WORK ITEM: An exact restatement of the data below, with the pictures removed, is the required answer.

(Referring expression grounding data)

*** Block opens ***

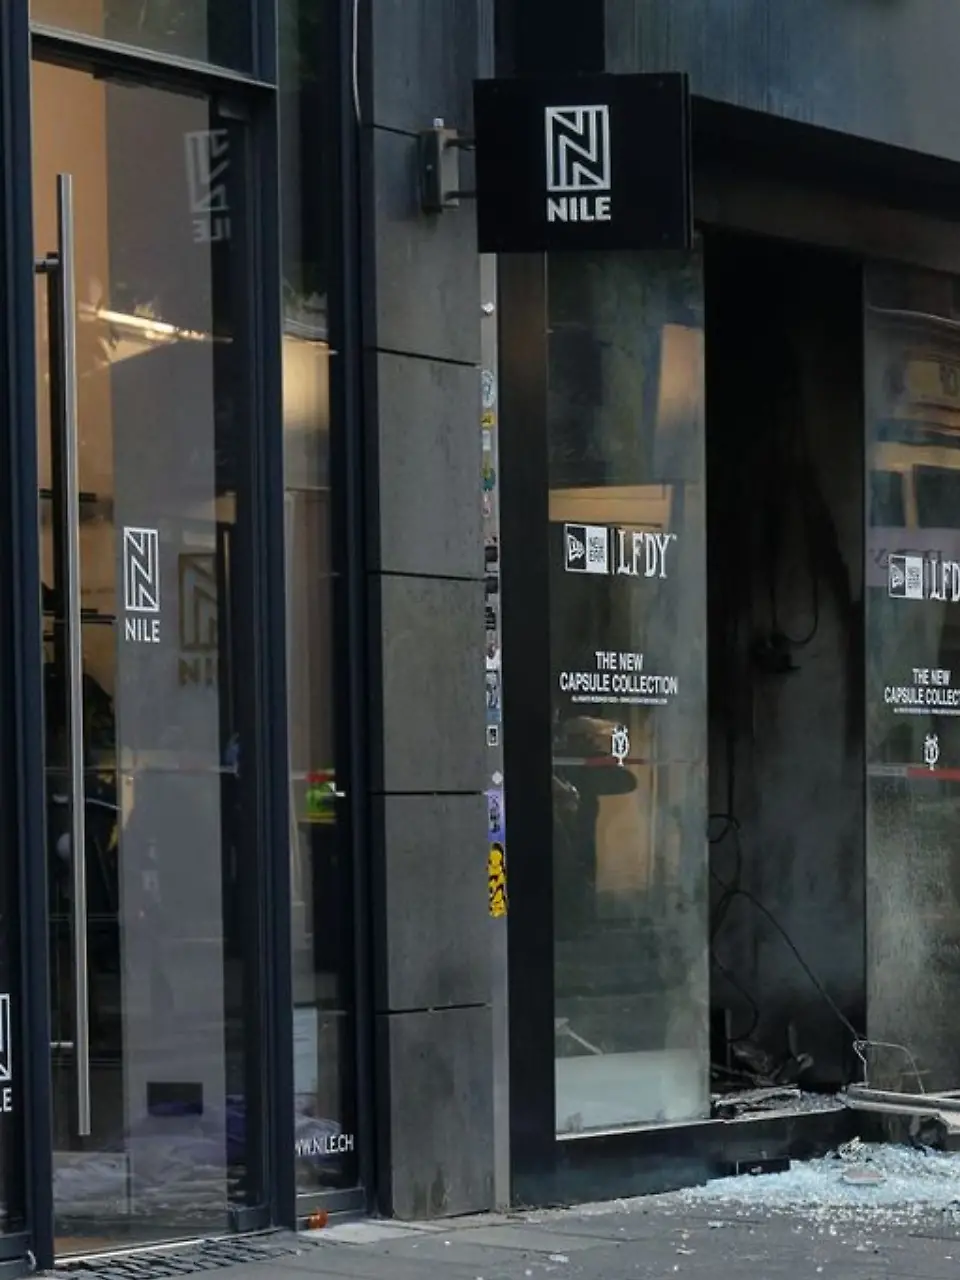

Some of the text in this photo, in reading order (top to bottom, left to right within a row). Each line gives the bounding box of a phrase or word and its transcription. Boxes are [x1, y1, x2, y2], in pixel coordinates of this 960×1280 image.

[547, 197, 611, 222] NILE
[125, 617, 161, 643] NILE
[595, 651, 643, 671] THE NEW
[560, 672, 678, 694] CAPSULE COLLECTION
[912, 668, 951, 686] THE NEW
[884, 687, 924, 704] CAPSULE
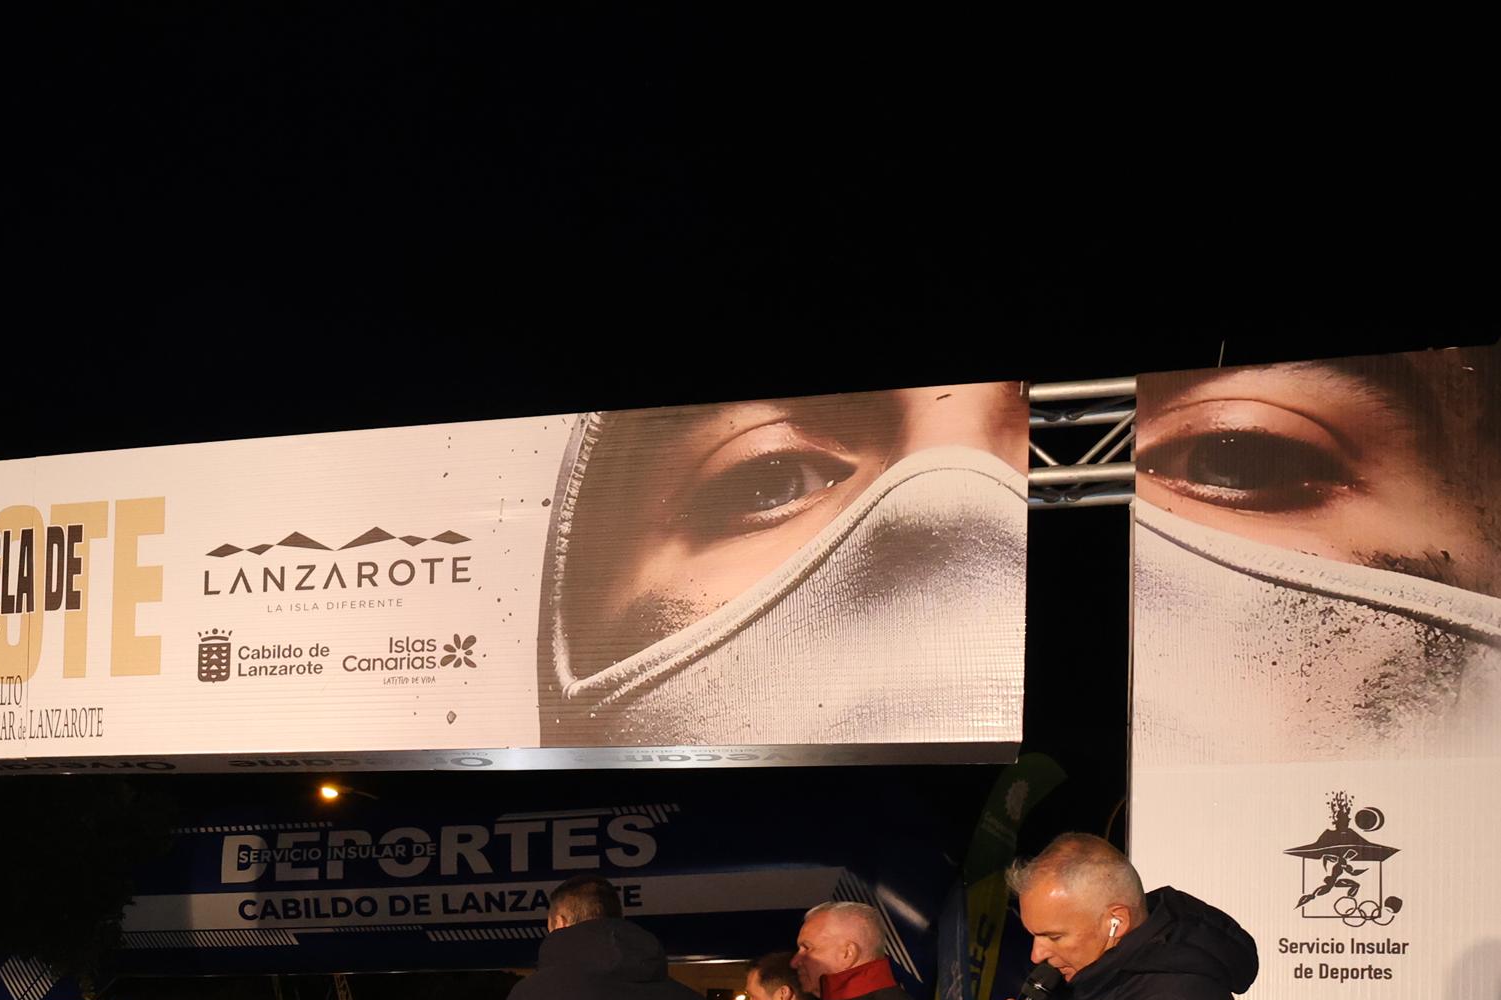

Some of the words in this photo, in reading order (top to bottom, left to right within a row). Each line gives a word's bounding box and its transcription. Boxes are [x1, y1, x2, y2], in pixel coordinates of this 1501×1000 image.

[44, 525, 83, 612] DE
[204, 556, 472, 595] LANZAROTE
[267, 603, 282, 613] LA
[290, 602, 320, 612] ISLA
[327, 598, 403, 610] DIFERENTE
[238, 644, 304, 660] Cabildo
[309, 643, 330, 658] de
[389, 636, 437, 654] Islas
[238, 661, 324, 677] Lanzarote
[342, 654, 437, 672] Canarias
[18, 718, 26, 740] de
[28, 707, 104, 739] LANZAROTE
[221, 814, 658, 884] DEPORTES
[239, 848, 322, 865] SERVICIO
[327, 843, 406, 859] INSULAR
[413, 842, 437, 857] DE
[238, 895, 378, 921] CABILDO
[389, 893, 431, 917] DE
[441, 884, 642, 915] LANZAE
[1278, 938, 1345, 954] Servicio
[1351, 938, 1409, 954] Insular
[1294, 963, 1313, 979] de
[1319, 963, 1393, 983] Deportes
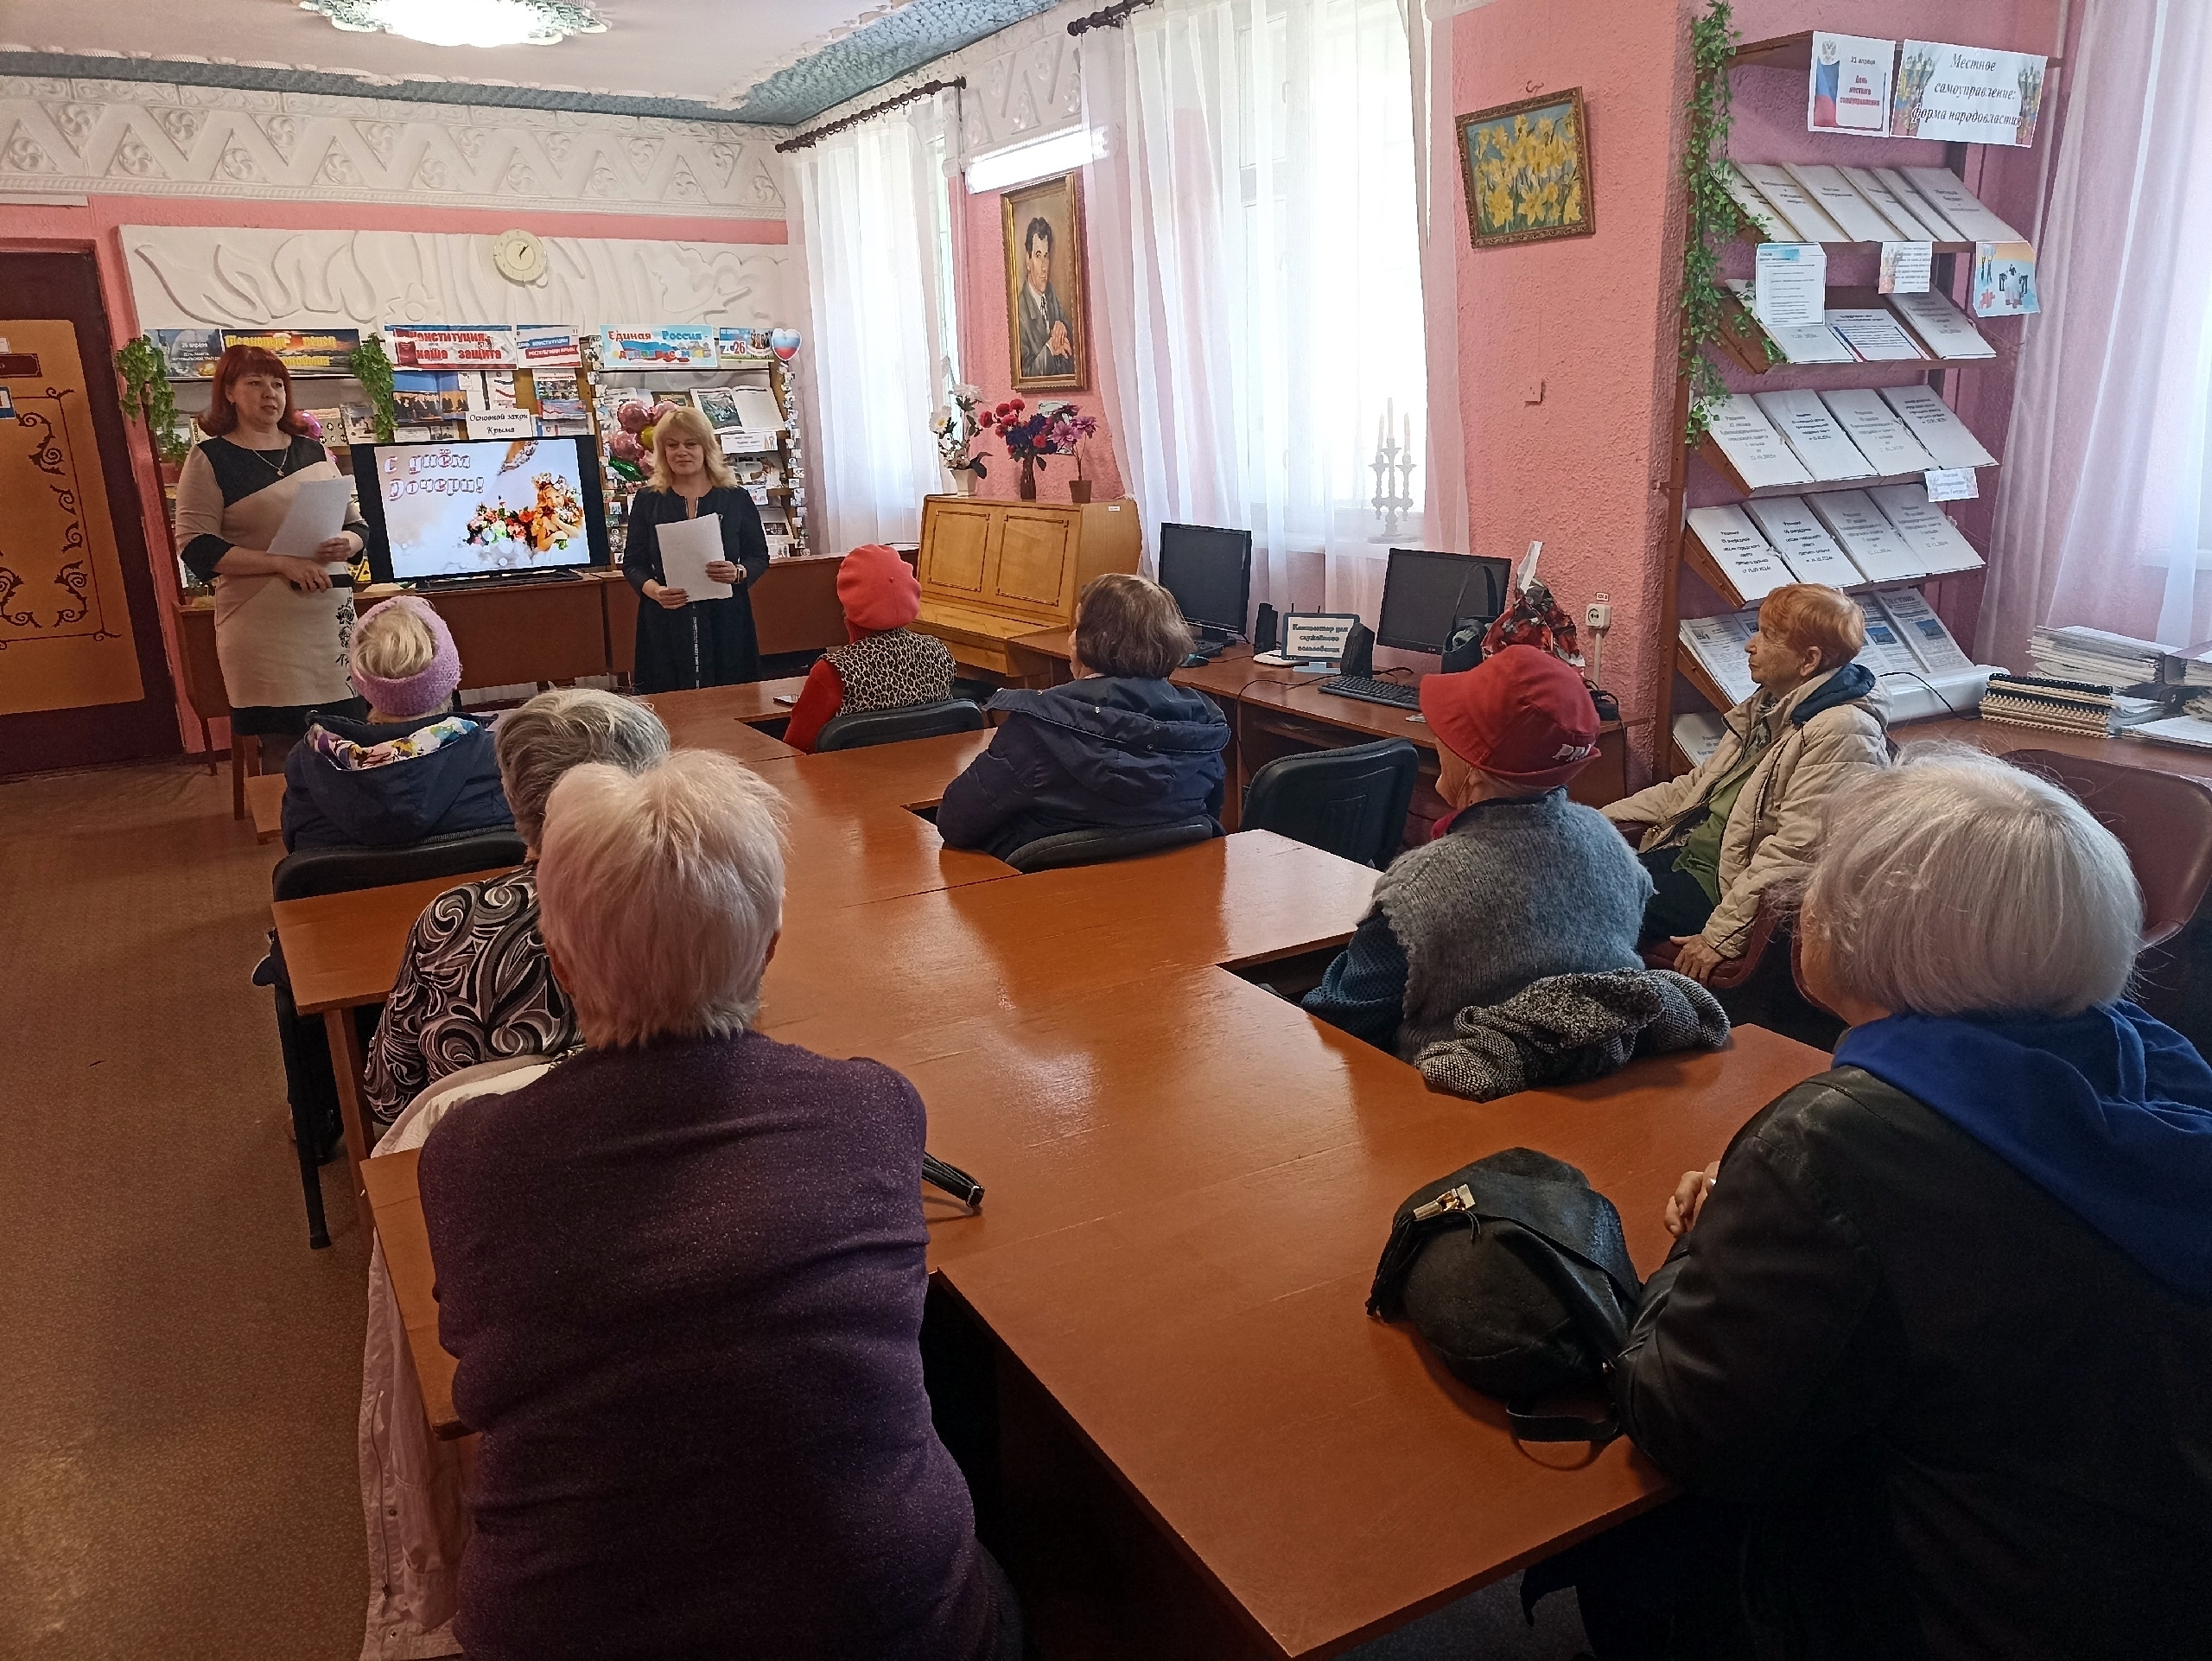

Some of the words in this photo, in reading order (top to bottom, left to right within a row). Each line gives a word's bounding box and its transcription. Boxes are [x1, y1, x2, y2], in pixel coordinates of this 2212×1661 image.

[1950, 53, 1996, 72] Местное
[1934, 81, 2016, 100] самоуправление:
[1911, 104, 1947, 124] форма
[1948, 110, 2022, 127] народовластия
[608, 330, 652, 341] Единая
[662, 330, 702, 340] Россия
[416, 349, 448, 359] наша
[458, 349, 501, 360] защита
[486, 426, 515, 436] Крыма
[409, 449, 470, 474] днём

*** Block closes ***

EXERCISE RESULT:
Some of the text in this photo, in reading order (top to bottom, left to right within a row). Each line gives the bounding box of a phrase or word and its transcription. Boxes are [x1, y1, x2, y2], in pixel coordinates of this 960×1280 image.

[547, 197, 611, 222] NILE
[125, 617, 161, 643] NILE
[595, 651, 643, 671] THE NEW
[560, 672, 678, 694] CAPSULE COLLECTION
[912, 668, 951, 686] THE NEW
[884, 687, 924, 704] CAPSULE

Some of the words in this photo, in reading order (top to bottom, left to right within a row). Each line gives a word's bounding box and its transcription. Boxes are [x1, y1, x2, y2], in pixel coordinates of this 1501×1000 image.

[44, 525, 83, 612] DE
[204, 556, 472, 595] LANZAROTE
[267, 603, 282, 613] LA
[290, 602, 320, 612] ISLA
[327, 598, 403, 610] DIFERENTE
[238, 644, 304, 660] Cabildo
[309, 643, 330, 658] de
[389, 636, 437, 654] Islas
[238, 661, 324, 677] Lanzarote
[342, 654, 437, 672] Canarias
[18, 718, 26, 740] de
[28, 707, 104, 739] LANZAROTE
[221, 814, 658, 884] DEPORTES
[239, 848, 322, 865] SERVICIO
[327, 843, 406, 859] INSULAR
[413, 842, 437, 857] DE
[238, 895, 378, 921] CABILDO
[389, 893, 431, 917] DE
[441, 884, 642, 915] LANZAE
[1278, 938, 1345, 954] Servicio
[1351, 938, 1409, 954] Insular
[1294, 963, 1313, 979] de
[1319, 963, 1393, 983] Deportes

Some of the words in this photo, in reading order (top to bottom, left to right within a row). Each line gives a word's bounding box and its transcription. Boxes are [x1, y1, x2, y2], in pixel coordinates of this 2212×1661 image.

[1950, 53, 1996, 72] Местное
[1934, 81, 2016, 100] самоуправление:
[1911, 104, 1947, 124] форма
[1948, 110, 2022, 127] народовластия
[608, 330, 652, 341] Единая
[662, 330, 702, 340] Россия
[416, 349, 448, 359] наша
[458, 349, 501, 360] защита
[486, 426, 515, 436] Крыма
[409, 449, 470, 474] днём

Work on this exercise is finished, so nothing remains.